How would you explain it like I'm…
Penciling in the Smudges
Filling the Blanks Honestly
Modeled, Not Recovered
Broad Use¶
- Statistics: multiple imputation, expectation-maximization, k-nearest- neighbor, and chained-equation methods under the MCAR/MAR/MNAR frame.
- Survey research: item and unit non-response filled under explicit assumptions about why people did not answer.
- Historical demography: census gaps and lost parish records imputed from partial records under stated missingness assumptions.
- Climate science: proxy-series gaps filled with declared assumptions about the underlying process.
- Genetics: missing genotypes imputed against reference haplotype panels encoding population structure.

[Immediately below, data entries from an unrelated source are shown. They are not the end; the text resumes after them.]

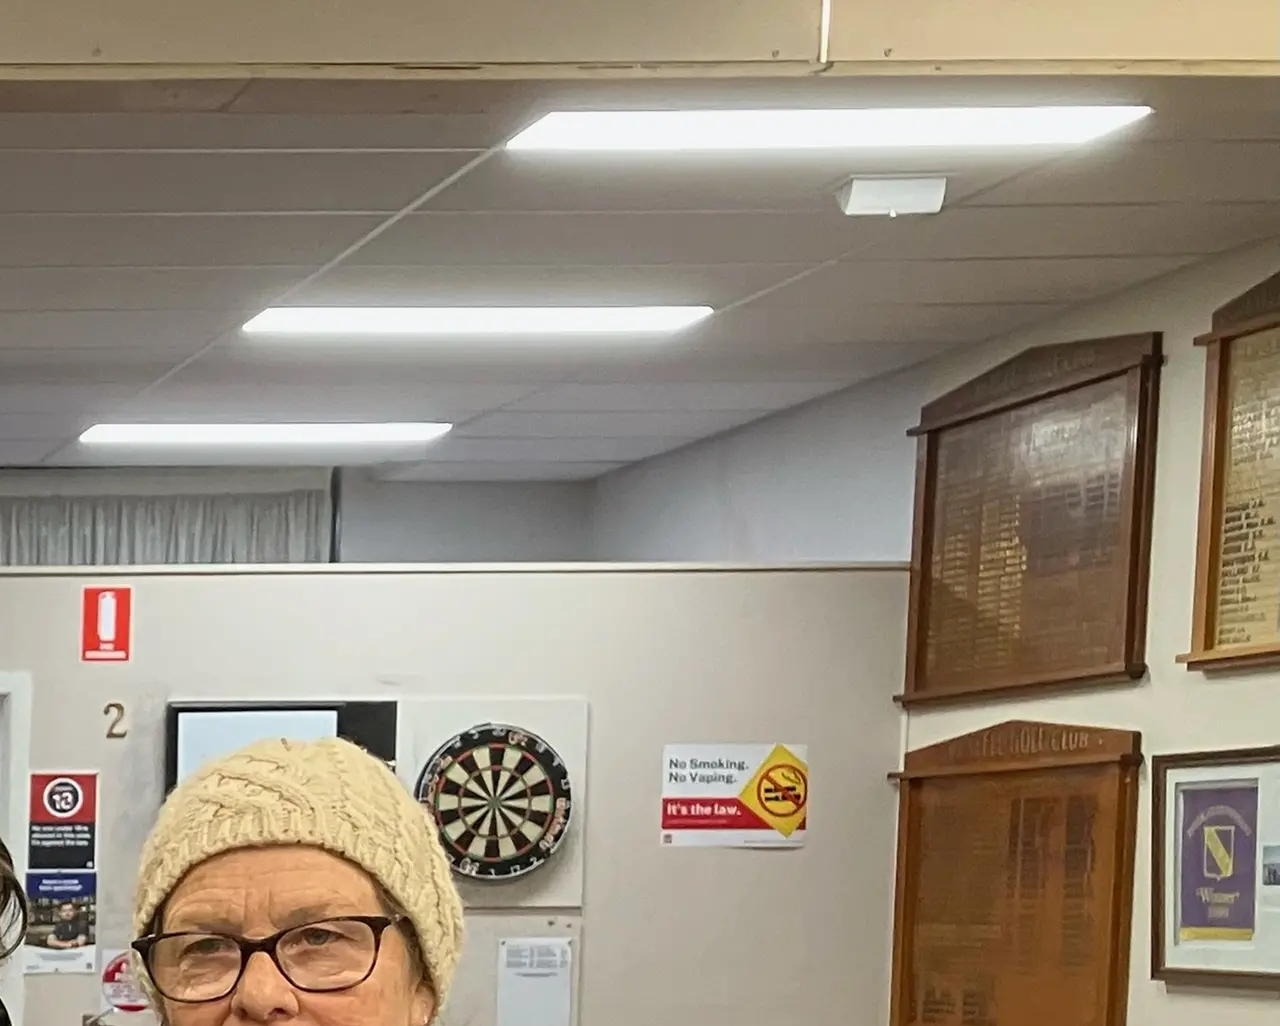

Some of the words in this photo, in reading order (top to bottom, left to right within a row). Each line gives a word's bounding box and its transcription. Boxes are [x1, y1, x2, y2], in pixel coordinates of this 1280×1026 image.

[103, 703, 128, 739] 2
[1051, 730, 1089, 752] CLUB
[668, 758, 687, 770] No
[689, 758, 749, 771] Smoking.
[668, 772, 687, 783] No
[689, 772, 738, 785] Vaping.
[666, 803, 688, 816] It's
[690, 803, 712, 816] the
[714, 803, 742, 816] law.
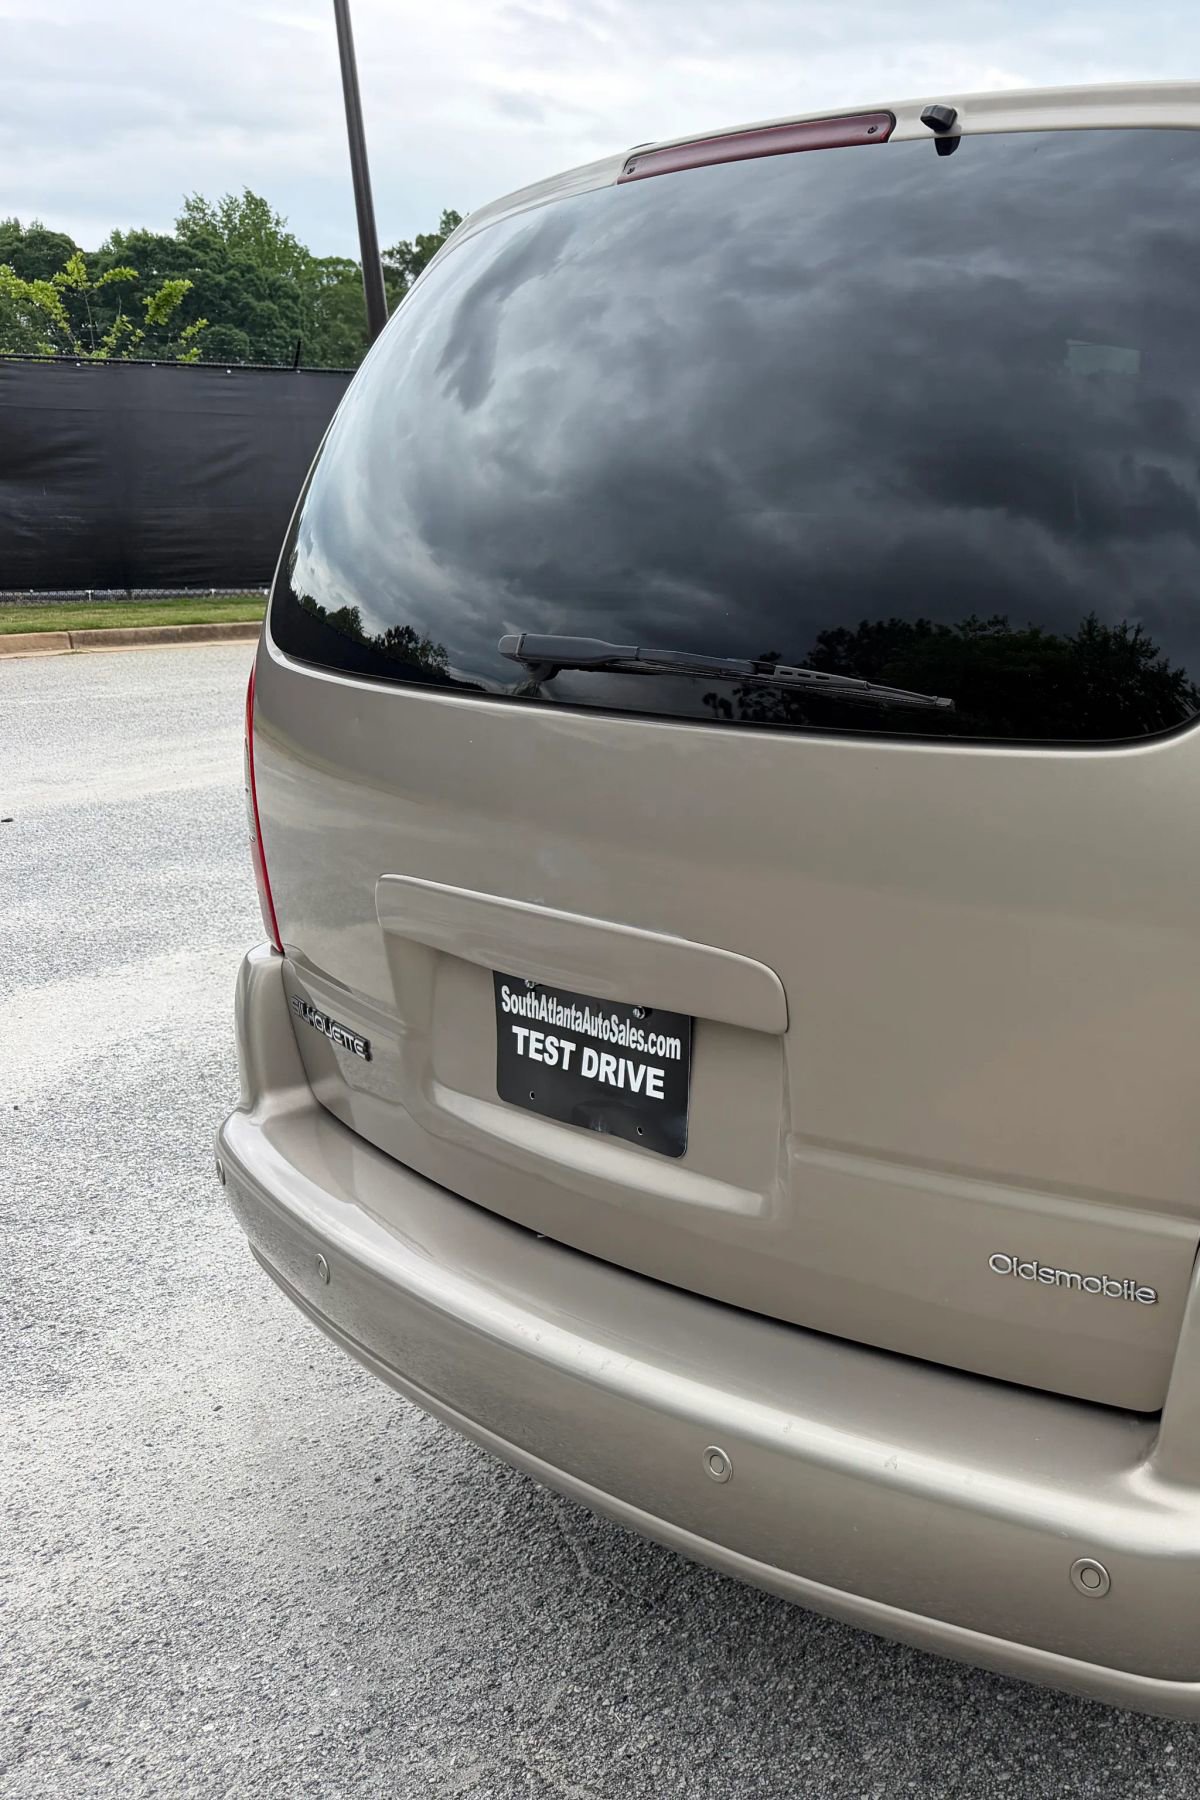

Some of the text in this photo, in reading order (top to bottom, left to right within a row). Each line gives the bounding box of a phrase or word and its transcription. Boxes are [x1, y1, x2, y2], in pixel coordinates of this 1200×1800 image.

[501, 985, 680, 1060] SouthAtlantaAutoSales.com
[512, 1025, 665, 1100] TEST DRIVE
[988, 1253, 1158, 1305] Oldsmobile

- Archaeology: eroded inscriptions and incomplete remains filled from contextual analogy, offered as declared inference.
Clarity¶
Forces four disclosures that "we filled in the gaps" hides — gap structure, fill model, missingness assumption, and propagated uncertainty — and exposes implicit imputation (complete-case deletion silently assumes MCAR).
Manages Complexity¶
Turns a diffuse "our data has holes" into a finite task — name the gaps, declare a model, propagate uncertainty, run sensitivity analysis.
Abstract Reasoning¶
A conclusion that flips under a reasonable alternative missingness assumption was never robust — and the most dangerous case, missing-not-at-random, cannot be detected from observed data alone.
Knowledge Transfer¶
- Population genetics: the multiple-imputation framework moved from survey non-response into haplotype-based genotype imputation intact.
- Demographic reconstruction: model-based gap-filling from climate proxies travels into records with gaps of known structure.
- Latent-variable modeling: expectation-maximization recurs across latent-class, hidden-Markov, and factor-analysis models.
Example¶
Multiple imputation of a missing income field regresses income on observed covariates, draws several completed datasets, and widens the final intervals — and a sensitivity re-imputation under MNAR checks whether the conclusion survives.
Relationships to Other Primes¶
Foundational — no parent edges in the catalog.
Children (1) — more specific cases that build on this
- Missing Data Mechanisms (MCAR, MAR, MNAR) decompose Imputation — The MCAR/MAR/MNAR classification is the load-bearing missingness-assumption COMPONENT that imputation depends on to specify its fill. The file: 'imputation depends on that classification to specify its assumption.' The taxonomy is the input; imputation is the whole response (fill + propagated uncertainty).
Not to Be Confused With¶
- Imputation is not a Distributional Assumption because a distributional assumption is a standing premise about a process's shape, whereas imputation is the whole gap-filling discipline that may invoke such an assumption but adds the model, the fill, and the uncertainty propagation.
- Imputation is not Statistical Inference because inference draws conclusions about a population, whereas imputation is the intermediate step that produces filled data on which inference is then performed.
- Imputation is not Interpolation because interpolation is geometric fill along a known interior path, whereas imputation fills from the structure of observed cases under an explicit missingness model.